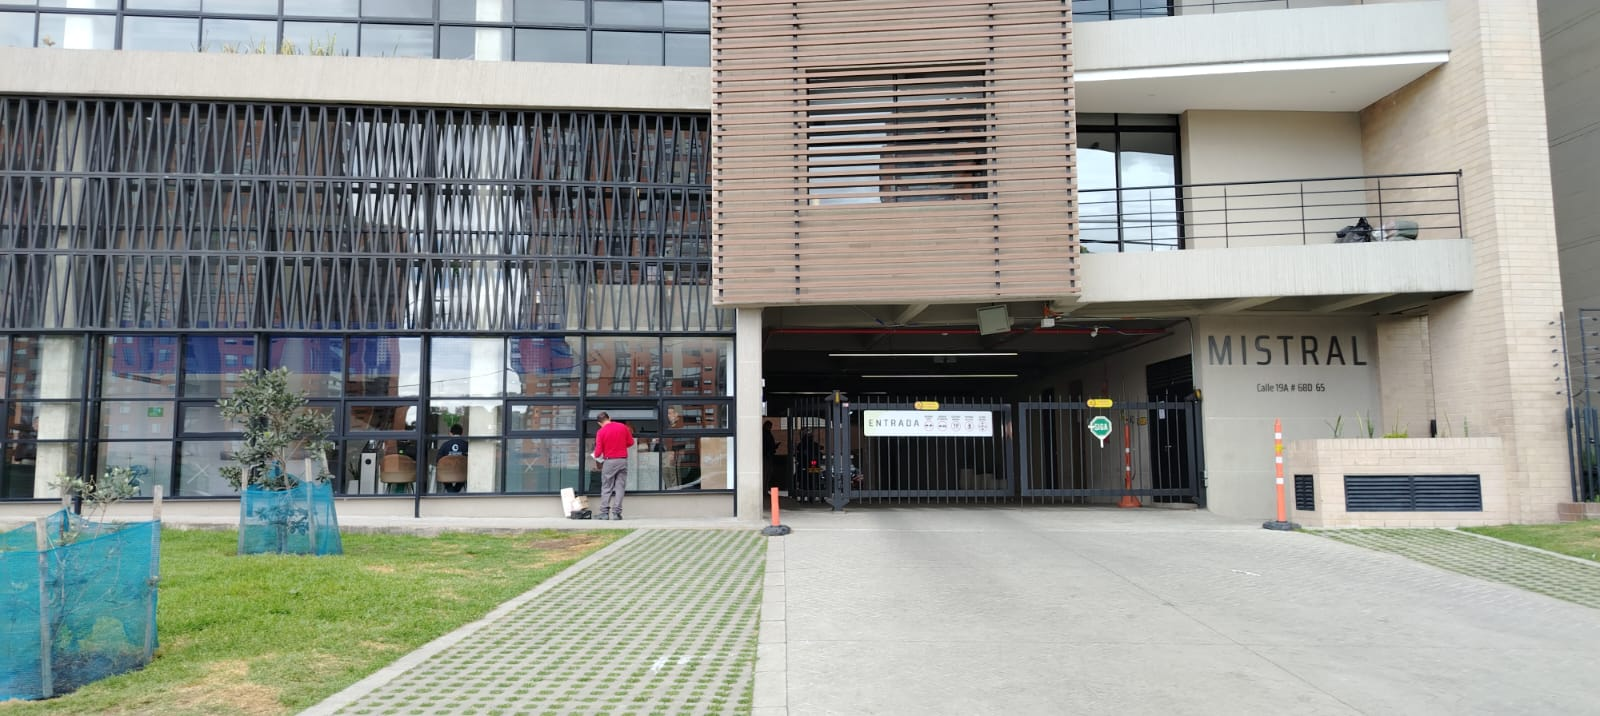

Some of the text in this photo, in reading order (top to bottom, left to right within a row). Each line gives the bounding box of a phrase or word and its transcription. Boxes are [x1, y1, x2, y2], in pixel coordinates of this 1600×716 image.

[1208, 335, 1367, 366] MISTRAL
[1256, 383, 1275, 392] Calle
[1275, 383, 1289, 392] 19A
[1315, 383, 1326, 392] 65
[868, 418, 920, 428] ENTRADA
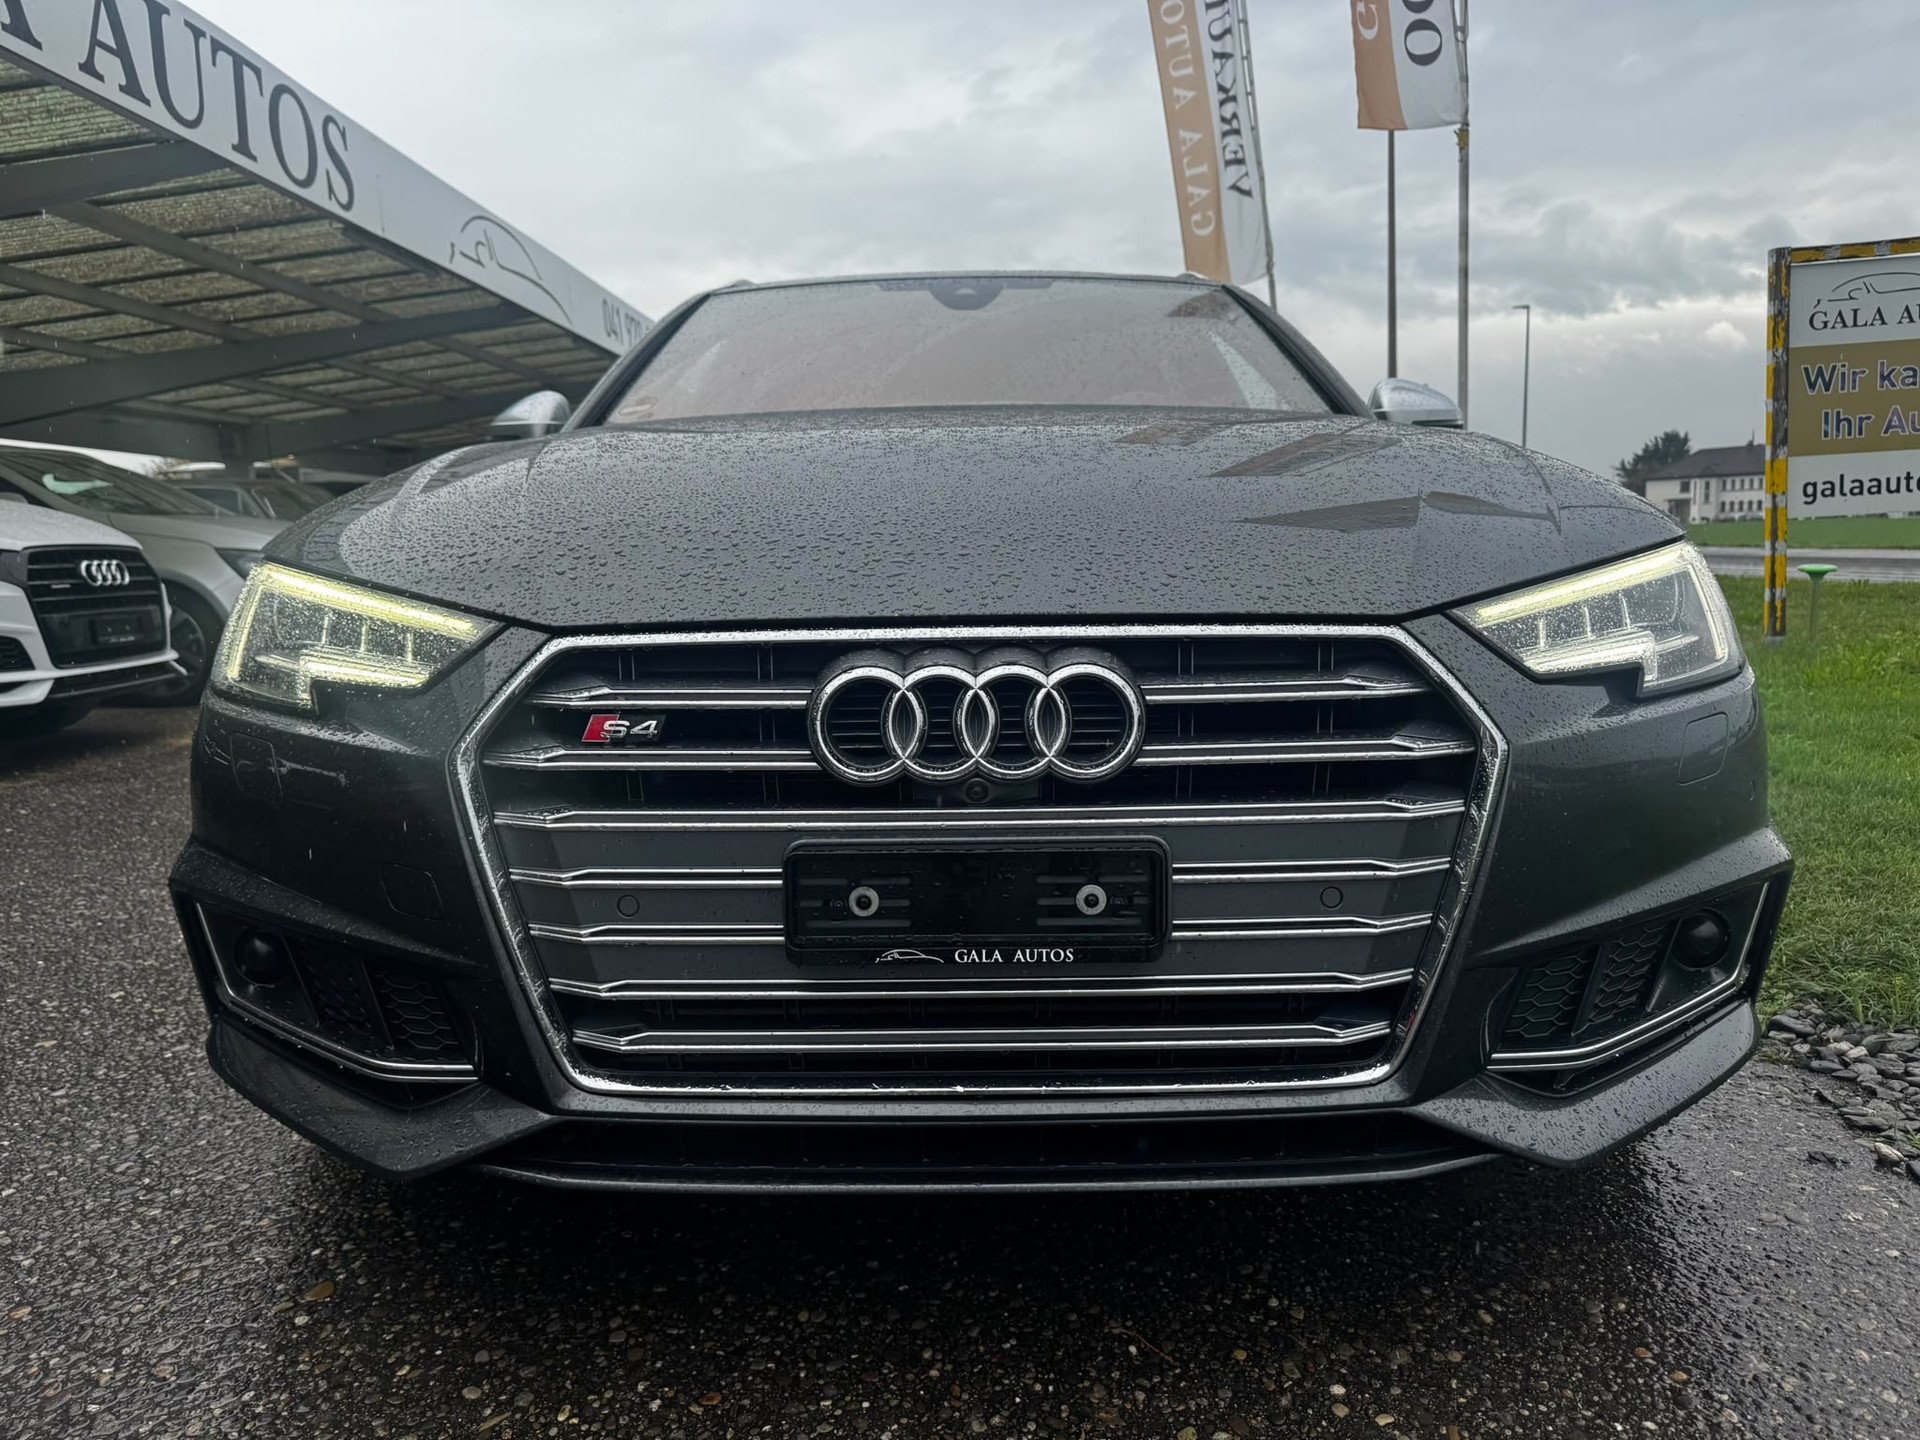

_ _ _ _ _ _ _

**What to do**
Retype the listing exactly. Skip every picture.

**Problem solution**
Some of the text in this photo, in reading order (top to bottom, left to right within a row). Each line gives the bounding box of a phrase or word and its transcription. Boxes are [x1, y1, x2, y2], in pixel coordinates of this 1600×716 image.

[1208, 335, 1367, 366] MISTRAL
[1256, 383, 1275, 392] Calle
[1275, 383, 1289, 392] 19A
[1315, 383, 1326, 392] 65
[868, 418, 920, 428] ENTRADA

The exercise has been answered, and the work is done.